About this exercise: Everything from the line with "Some of the words" through the final line below should be copied out exactly, and nothing else should appear.

====== Entries supplied

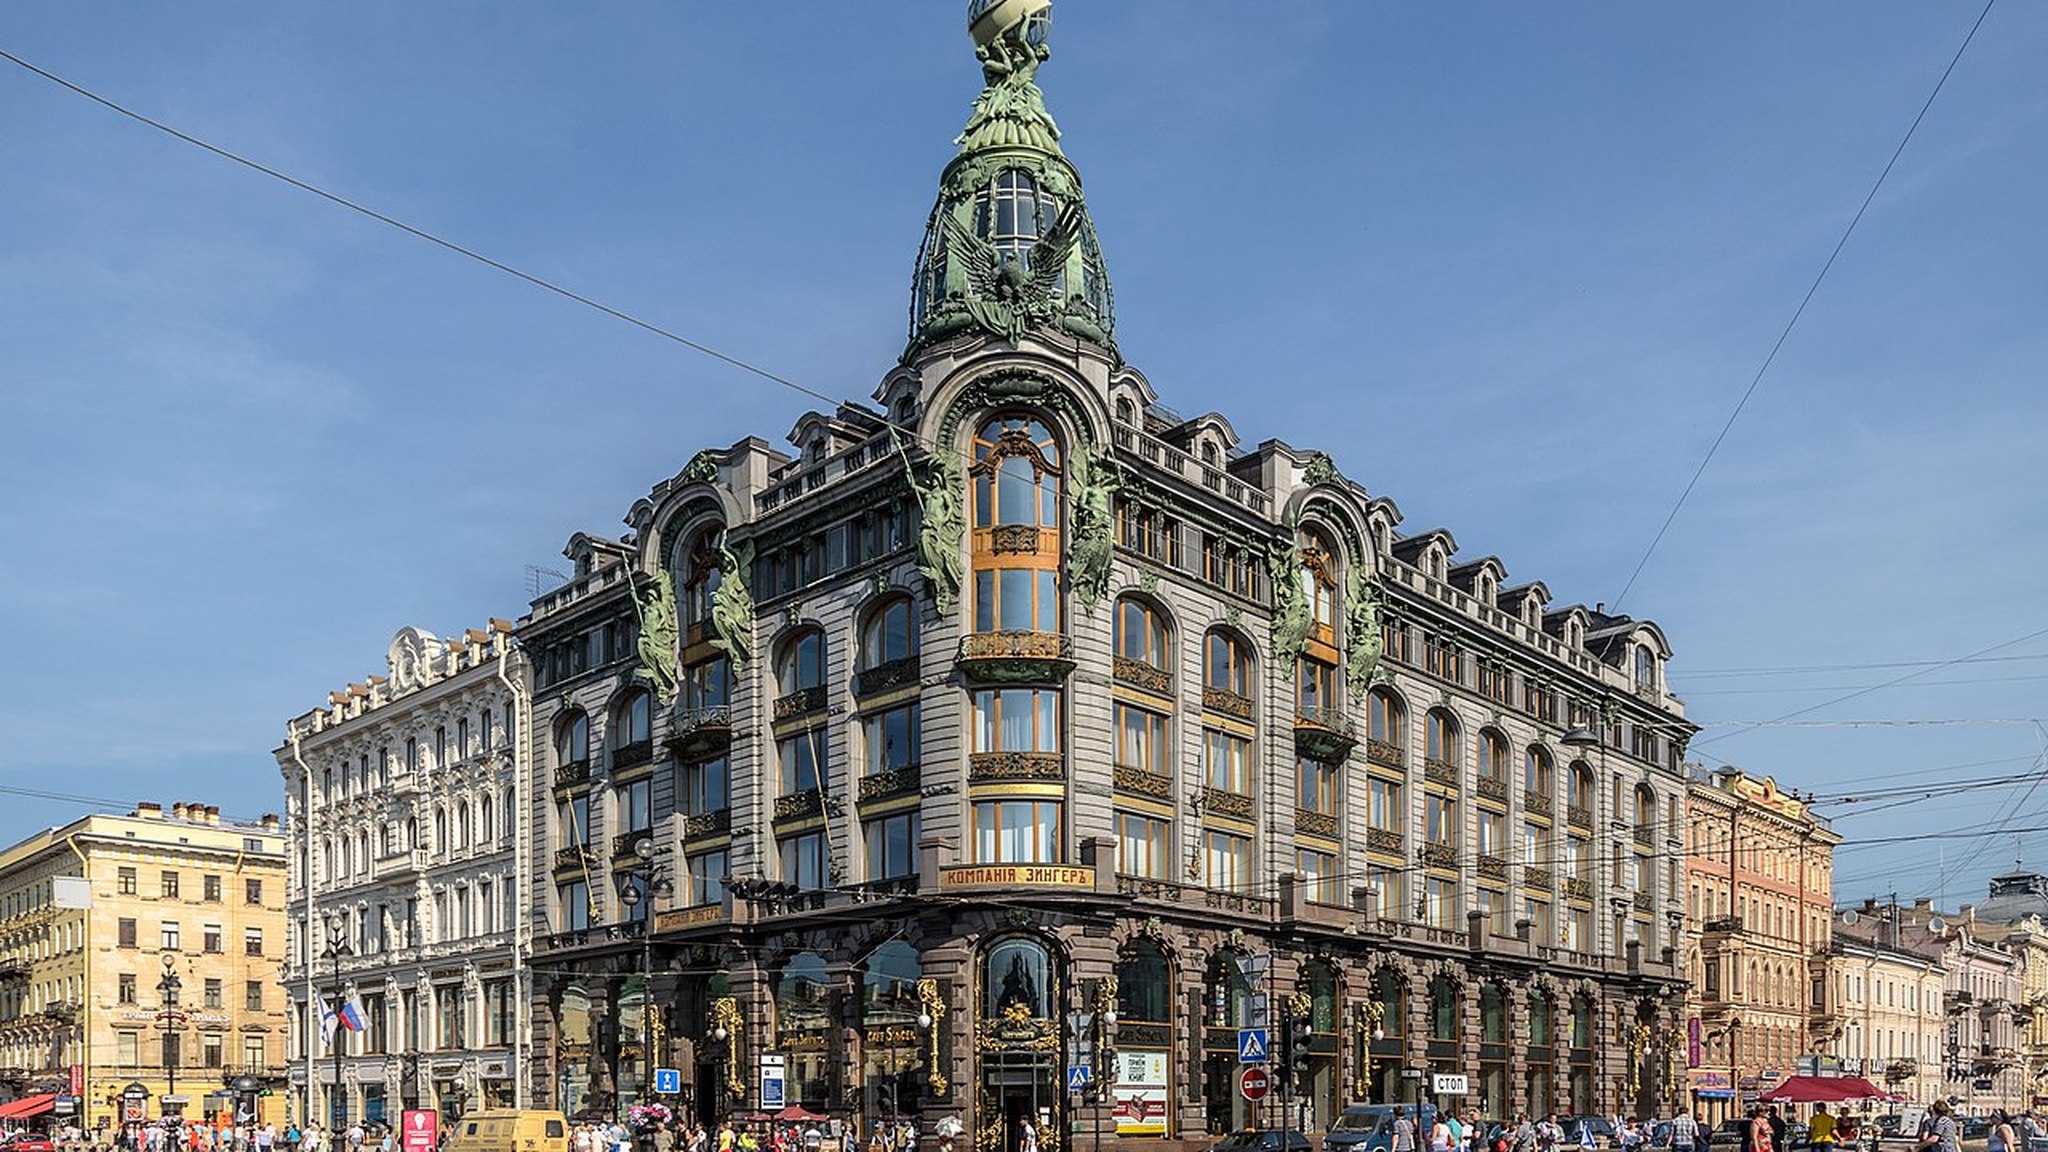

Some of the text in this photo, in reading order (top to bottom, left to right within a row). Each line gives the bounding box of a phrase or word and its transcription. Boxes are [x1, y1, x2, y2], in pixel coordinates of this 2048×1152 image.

[948, 867, 1087, 884] КОМПАНІЯ ЗИНГЕРЪ
[1438, 1078, 1463, 1090] СТОП
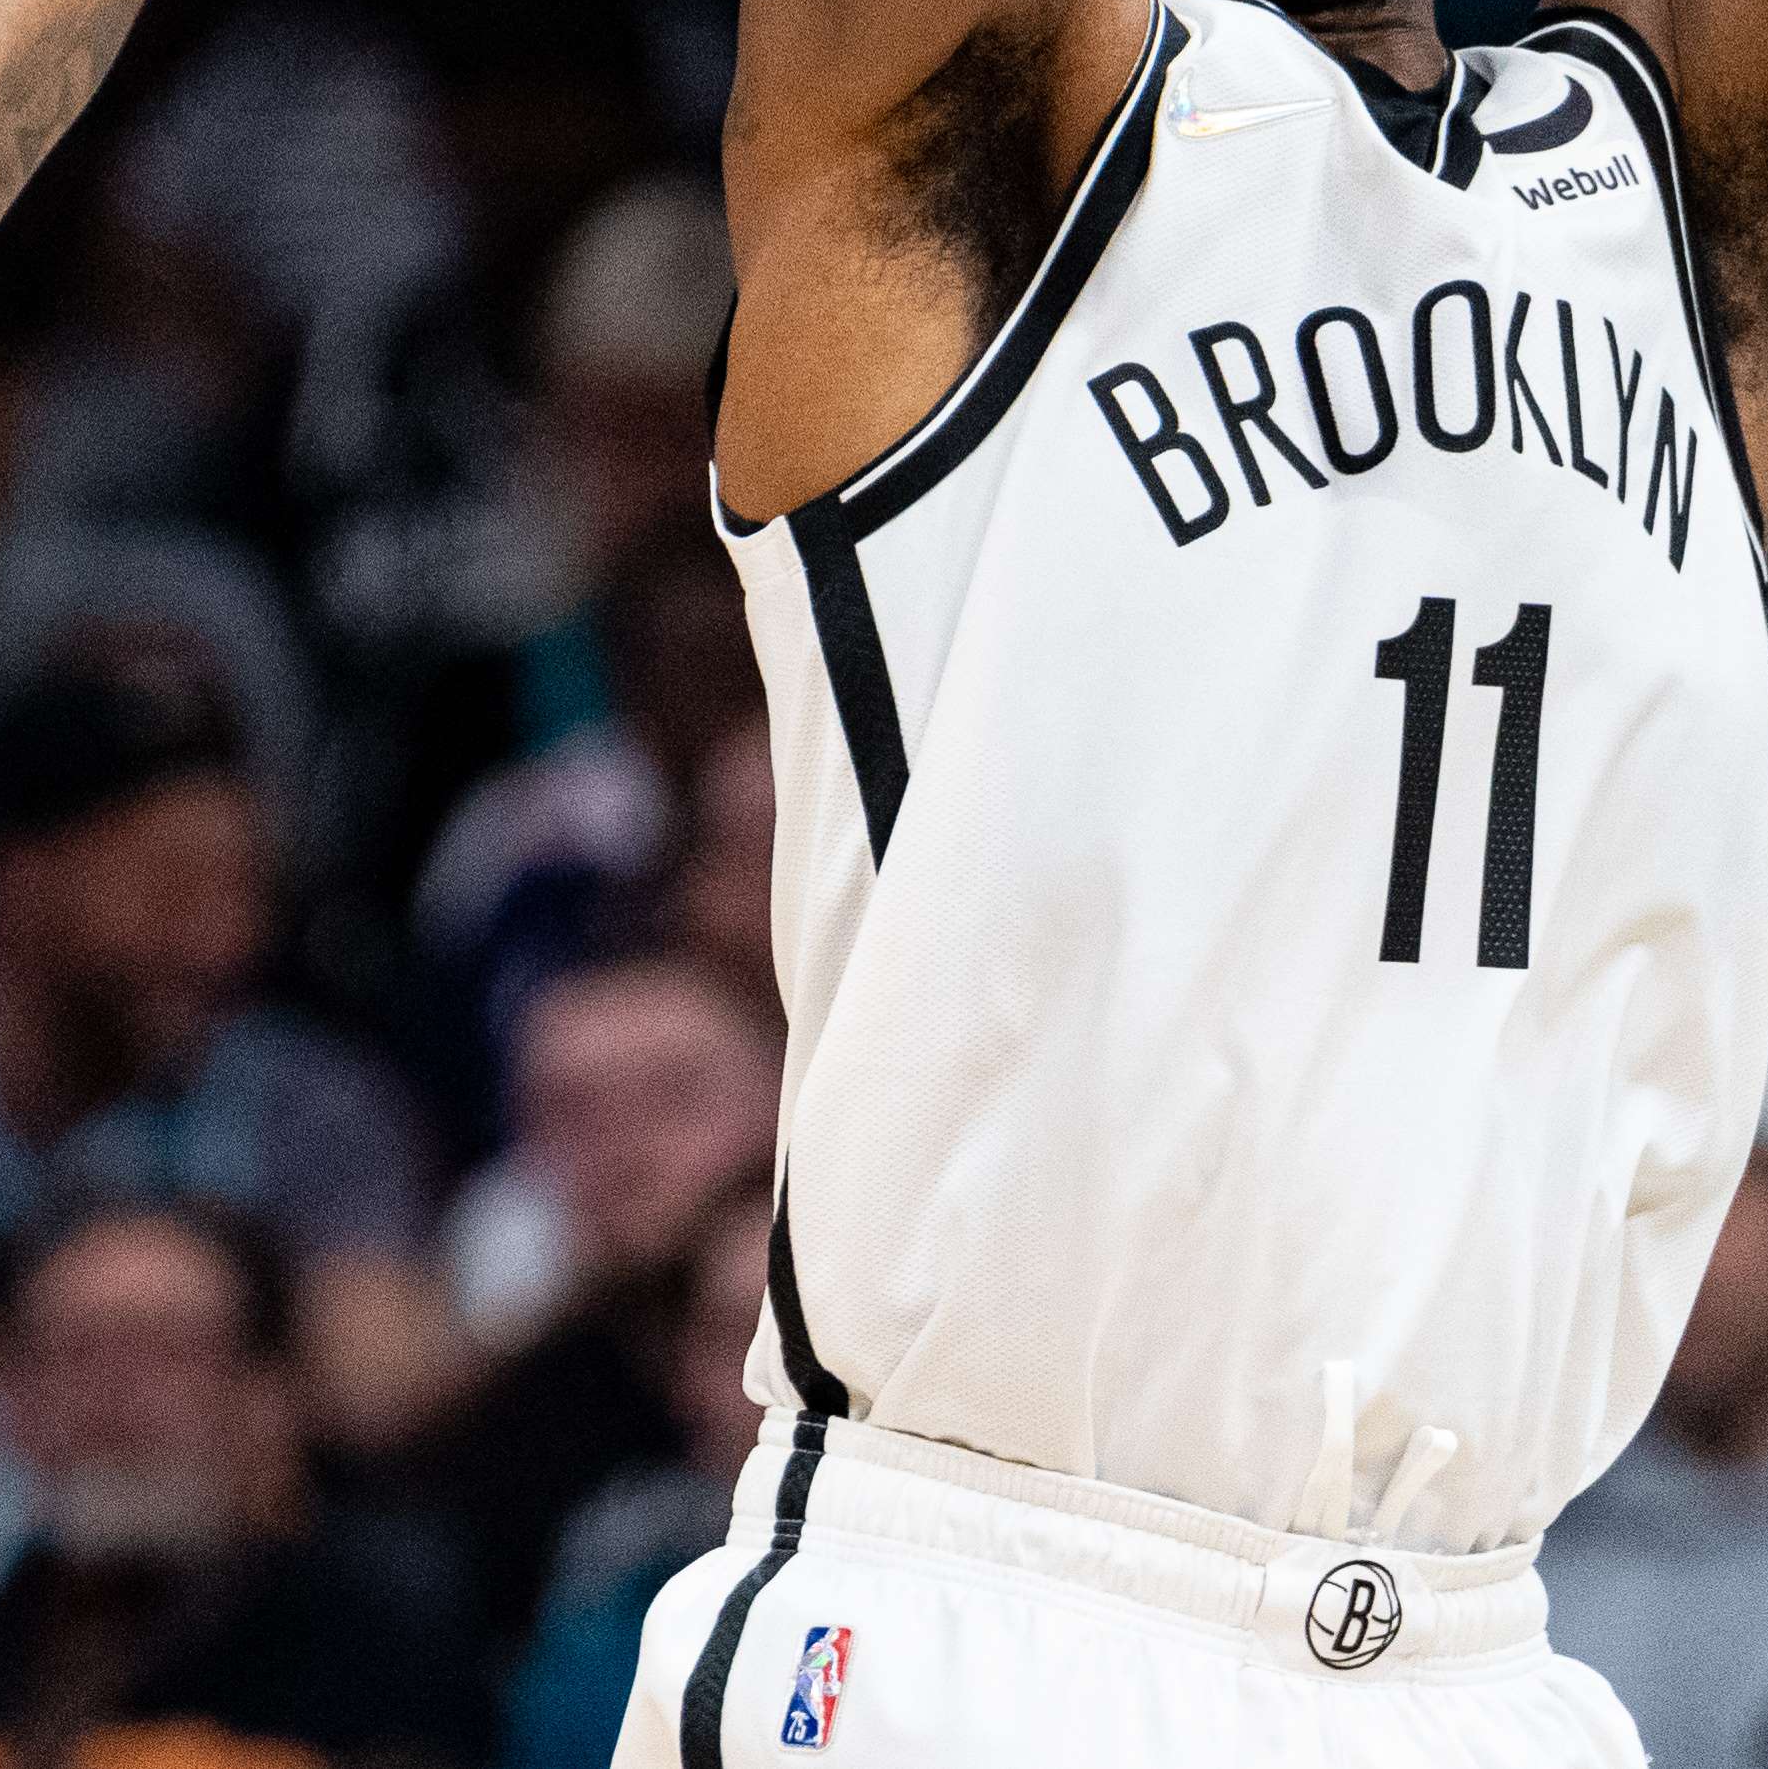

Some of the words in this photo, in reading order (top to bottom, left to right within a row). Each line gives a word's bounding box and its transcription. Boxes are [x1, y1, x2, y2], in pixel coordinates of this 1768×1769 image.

[1510, 153, 1640, 211] Webull
[1086, 278, 1698, 574] BROOKLYN
[1373, 595, 1553, 970] 11

============

Result for this exercise:
Some of the words in this photo, in reading order (top to bottom, left to right within a row). Each line gives a word's bounding box and its transcription. Boxes are [x1, y1, x2, y2], in pixel coordinates of this 1768×1769 image.

[1510, 153, 1640, 211] Webull
[1086, 278, 1698, 574] BROOKLYN
[1373, 595, 1553, 970] 11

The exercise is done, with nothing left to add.